24 thoughts on “It’s really about what you put in your body

  1. I’m struggling with the double whammy of business trips that leave me with less time for working out and limited options for healthy meals (and I can only resist those brownies on the table for so long). I am trying not to let myself spiral into a feeling of helplessness/self-pity that only makes it worse.

    Liked by 1 person

    1. Travel is hard. Really, really hard. I can’t imagine what I’d weigh if I had to travel all the time for business — I almost always gain when I travel & it never comes off as quickly as it goes on, of course.

      Usually I bring my own stuff for breakfast — I find eating breakfast out can be a real landmine!


    1. I know that I will get better quicker if I don’t indulge when I’m sick. Now I just need to work on indulging because I’ve been active!

      It does get harder All the time. But it’s a fight worth fighting!


  2. Knock on wood. Not sure I’ve gotten a fever. Maybe thanks to flu shots.

    But being less active the last 5-6 weeks has been hard. Thank god I don’t have a scale. I am sure to have gained weight.

    The biggest problem is work travel. I bring my own breakfast but otherwise it’s eating out twice a day.

    Then there’s three days of wedding eating.
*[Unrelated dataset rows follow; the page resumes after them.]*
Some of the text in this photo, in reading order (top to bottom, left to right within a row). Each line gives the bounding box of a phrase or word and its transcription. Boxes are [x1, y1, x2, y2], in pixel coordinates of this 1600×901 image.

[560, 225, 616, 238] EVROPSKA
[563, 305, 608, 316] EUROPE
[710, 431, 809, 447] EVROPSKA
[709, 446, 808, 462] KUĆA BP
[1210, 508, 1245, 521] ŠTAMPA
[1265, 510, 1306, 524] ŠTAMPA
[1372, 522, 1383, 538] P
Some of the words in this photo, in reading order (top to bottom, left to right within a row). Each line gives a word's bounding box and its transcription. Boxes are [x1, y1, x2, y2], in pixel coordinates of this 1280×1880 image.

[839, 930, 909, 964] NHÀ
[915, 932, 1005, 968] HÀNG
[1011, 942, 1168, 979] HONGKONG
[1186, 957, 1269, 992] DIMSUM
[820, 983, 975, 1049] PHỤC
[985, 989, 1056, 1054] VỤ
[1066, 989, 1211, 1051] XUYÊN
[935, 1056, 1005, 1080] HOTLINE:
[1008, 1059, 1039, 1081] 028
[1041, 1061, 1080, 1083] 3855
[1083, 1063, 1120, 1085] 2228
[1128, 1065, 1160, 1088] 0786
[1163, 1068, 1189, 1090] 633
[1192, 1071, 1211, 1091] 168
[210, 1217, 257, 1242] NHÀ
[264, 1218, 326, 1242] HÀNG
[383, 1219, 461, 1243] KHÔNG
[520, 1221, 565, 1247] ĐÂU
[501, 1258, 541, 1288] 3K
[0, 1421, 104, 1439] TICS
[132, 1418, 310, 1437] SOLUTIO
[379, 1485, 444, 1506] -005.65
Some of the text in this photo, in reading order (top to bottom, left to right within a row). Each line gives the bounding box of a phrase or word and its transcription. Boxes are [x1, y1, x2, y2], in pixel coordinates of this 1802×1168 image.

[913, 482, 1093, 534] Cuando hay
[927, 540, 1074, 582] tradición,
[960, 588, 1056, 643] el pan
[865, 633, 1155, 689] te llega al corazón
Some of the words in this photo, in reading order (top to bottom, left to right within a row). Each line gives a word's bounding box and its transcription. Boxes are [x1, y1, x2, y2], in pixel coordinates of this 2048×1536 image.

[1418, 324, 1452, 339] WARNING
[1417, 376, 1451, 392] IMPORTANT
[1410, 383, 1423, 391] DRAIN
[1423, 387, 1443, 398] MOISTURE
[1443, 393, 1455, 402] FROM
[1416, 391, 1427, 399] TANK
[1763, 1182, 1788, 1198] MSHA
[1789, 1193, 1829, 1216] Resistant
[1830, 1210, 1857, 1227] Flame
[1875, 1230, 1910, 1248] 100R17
    This post is making me hungry lol

    Liked by 1 person

  3. Oh, Judy. That chicken soup looks so good! I have recently been diagnosed with very high cholesterol. I resisted being put on medication, so my doctor gave me 4 months to get my numbers down. I am now on a very low-fat diet. I am going to do my best to follow that diet. I do not want to start medication.

    Liked by 1 person

  4. Do you go for comfort foods when you’re sick? Plain toast w/butter(just a tad)

    What foods on the healing foods list sound appealing to you? Leafy greens in the form of a smoothie.

    What is the weirdest thing you eat when you’re sick (and why)? Eating raw veggies w/hummus in the morning. Not a typical breakfast food. 🤒

    Liked by 1 person

    1. Toast is always soothing if your stomach is upset. I only lost my appetite for the one day I really had a fever.

      Ok, veggies & hummus would definitely be weird for me if I wasn’t feeling well! I tend not to crave veggies much if I’m sick — which is where the soups & green smoothies come in.


  5. Oh your chicken soup looks delicious! I grew up in an Italian household but by favorite cold “medicine” is matzoh ball soup. So much of it while going through root canal this past fall. I tend not to be hungry when sick whick helps with the comfort food, and I have some dairy sensitivities that manifest as congestion so easy to avoid when sick

    Liked by 1 person

    1. I did have matzo ball soup, too. 🙂 I swear by it and I AM Jewish. 😉

      I was only super sick one day — that day I wasn’t very hungry. The rest of the time I still didn’t feel well, but it didn’t effect my appetite, unfortunately.


  6. Yep, yep, yep! It started in my 30s when my IBS really got going. I started identifying foods that really bothered me. After my diagnosis with RA, it was clear that those foods contributed to inflammation in my body. And now the menopot. I do still love chocolate, but I’ve got a handle on that.

    Liked by 1 person

    1. Despite my love of chocolate, I am actually able to control myself around that. Wasn’t always the case, but now just a little bit is fine.

      I keep trying to get through to my husband that some foods really cause inflammation. I know he understands it, but he also still just doesn’t think much about it.


  7. I do tend to give myself whatever I fancy if I truly want that particular taste or ingredient: as I’ve never been on a restrictive diet I seem to have quite a natural relationship to my food (wanting carbs or milk after a long run, protein after a hard workout, craving veg and fruit when working out a lot). I do however know I use sugar to pep myself up if fatigued and I need to work on that (by resting more). I always crave salty things if I have a cold and go off chocolate and tea and coffee, so I do have some low-fat crisps then, etc.